In State of Madhya Pradesh and Others Vs. Yogesh Chandra Dubey and Others, it has been held that once a person is appointed without there
being a sanctioned post of notification of vacancies, in disregard to statutory rules, regularization cannot follow as it would tantamount to
appointment and would result in back door appointment which does not have legal sanction.
In M.P. Housing Board and Another Vs. Manoj Shrivastava, , it has been held by the Hon''ble Supreme Court that a person with a view to obtain
status of ''permanent employees'' must be employed in terms of statutory rules. It is one thing to say that a person was appointed on ad hoc basis
or as a daily wager but another thing to say that he was appointed against a sanctioned post lying vacant upon following the due procedure
prescribed therefore. A daily wager does not hold the post unless he is appointed in terms of the Act and rules framed thereunder and therefore,
does not derive any legal right. Such an appointment is clearly illegal.

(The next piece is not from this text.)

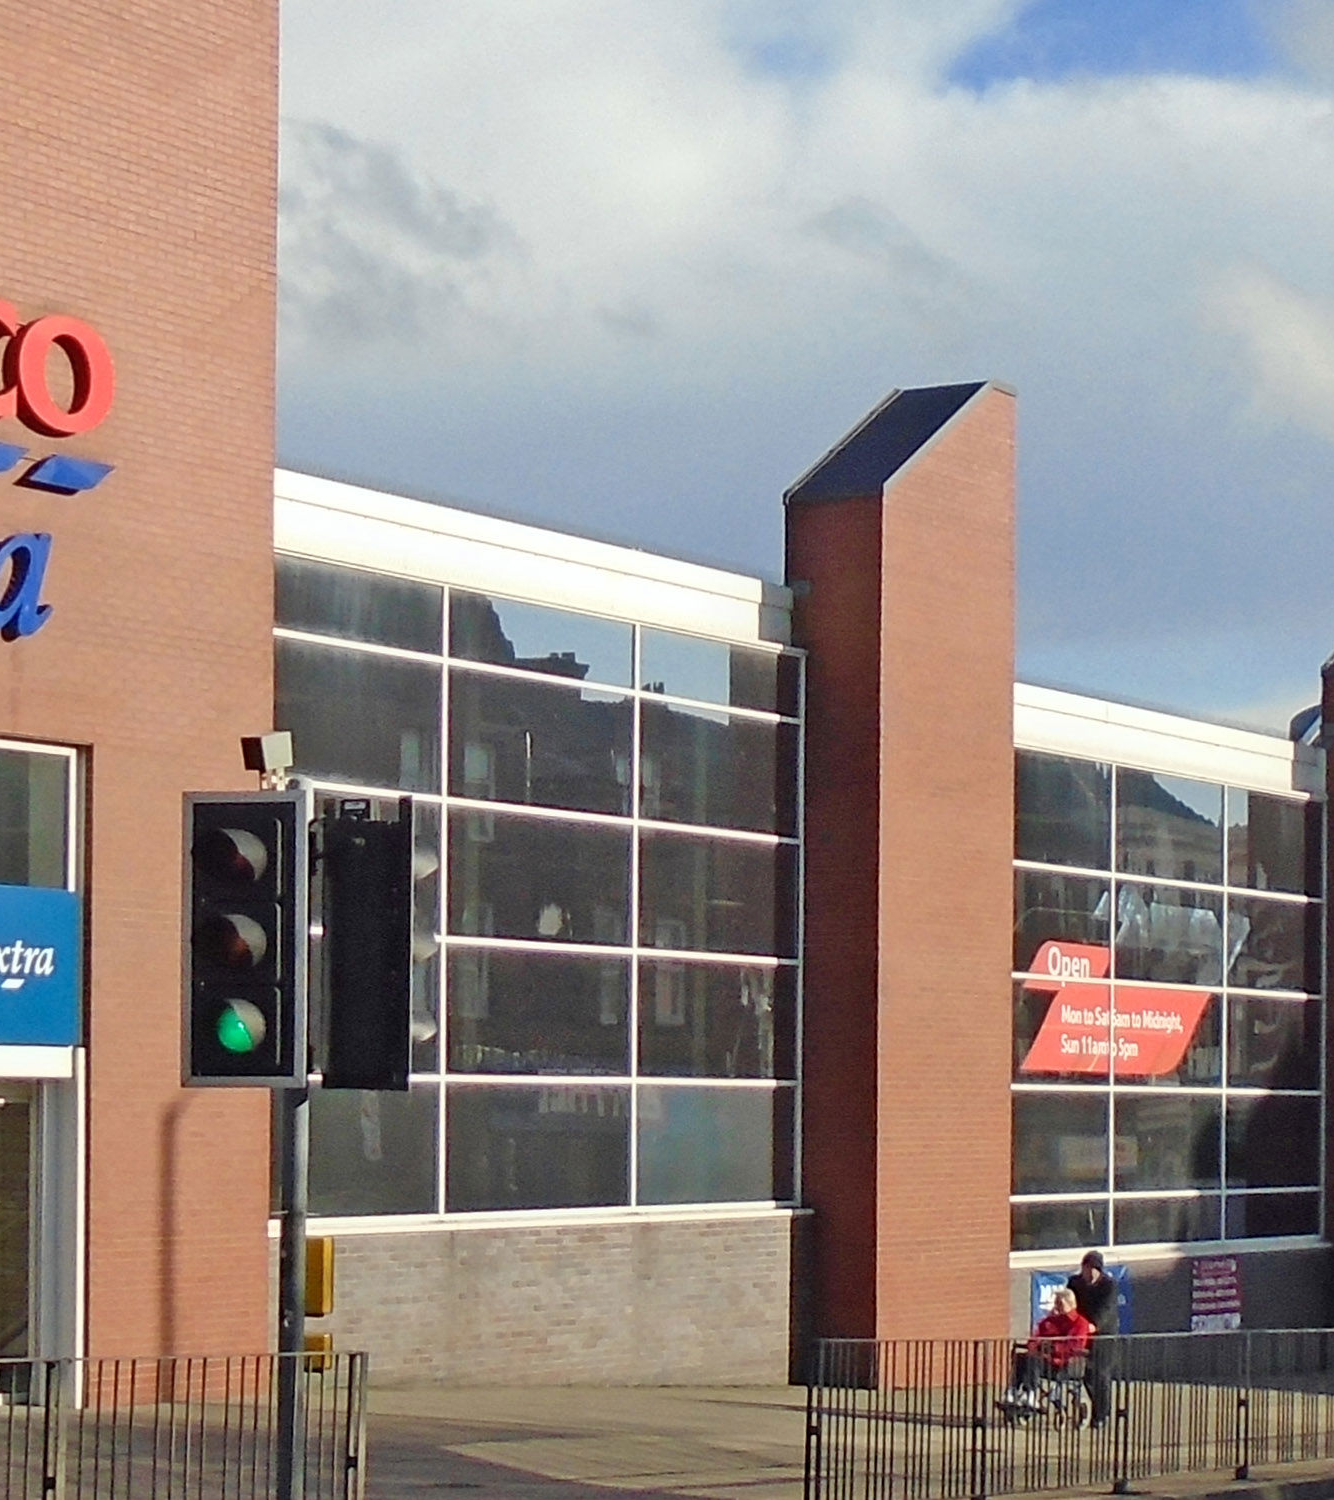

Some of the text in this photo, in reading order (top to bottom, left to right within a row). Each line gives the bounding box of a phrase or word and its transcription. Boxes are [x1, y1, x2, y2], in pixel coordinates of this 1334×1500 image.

In Branch Manager, M.P. State Agro Industries Development Corpn. Ltd. and Another Vs. Shri S.C. Pandey, after framing the issues in Para 7
thereof, in paras 17 and 18 it has been held that:
(1) When the conditions of service are governed by two statutes, one relating to selection and appointment and the other relating to the terms and
conditions of service, an endeavour should be made to give effect to both the statutes;
(2) A daily wager does not hold a post as he is not appointed in terms of the provisions of the Act and rules framed thereunder and in that view of
the matter he does not derive any legal right;
(3) Only because an employee had been working for more than 240 days, that by itself would not confer any legal right upon him to be regularized
in service; and
(4) If an appointment has been made contrary to the provisions of statute, the same would be void and the effect thereof would be that no legal
right would be derived by the employees by reason thereof.
6. In view of nature of appointment of the Respondent-workman, as noticed hereinabove, we find that the Respondent-workman cannot be
directed to be reinstated. No such person can be taken in service or his services regularized when public employment is involved.
7. Accordingly, this petition is allowed and the impugned award is hereby quashed.
8. From the orders passed during the pendency of the petition, we find that the Respondent-workman has already received a cheque amounting to
Rs. 19,053/- in compliance of provisions of Section 17-B of the Act, from the date of filing of writ petition i.e. 11.10.2007 till 16.5.2008.
Therefore, we intend to award no compensation to the Respondent-workman. In case any dues are left u/s 17-B of the Act, the same shall be paid
by the Petitioner within 30 days from today.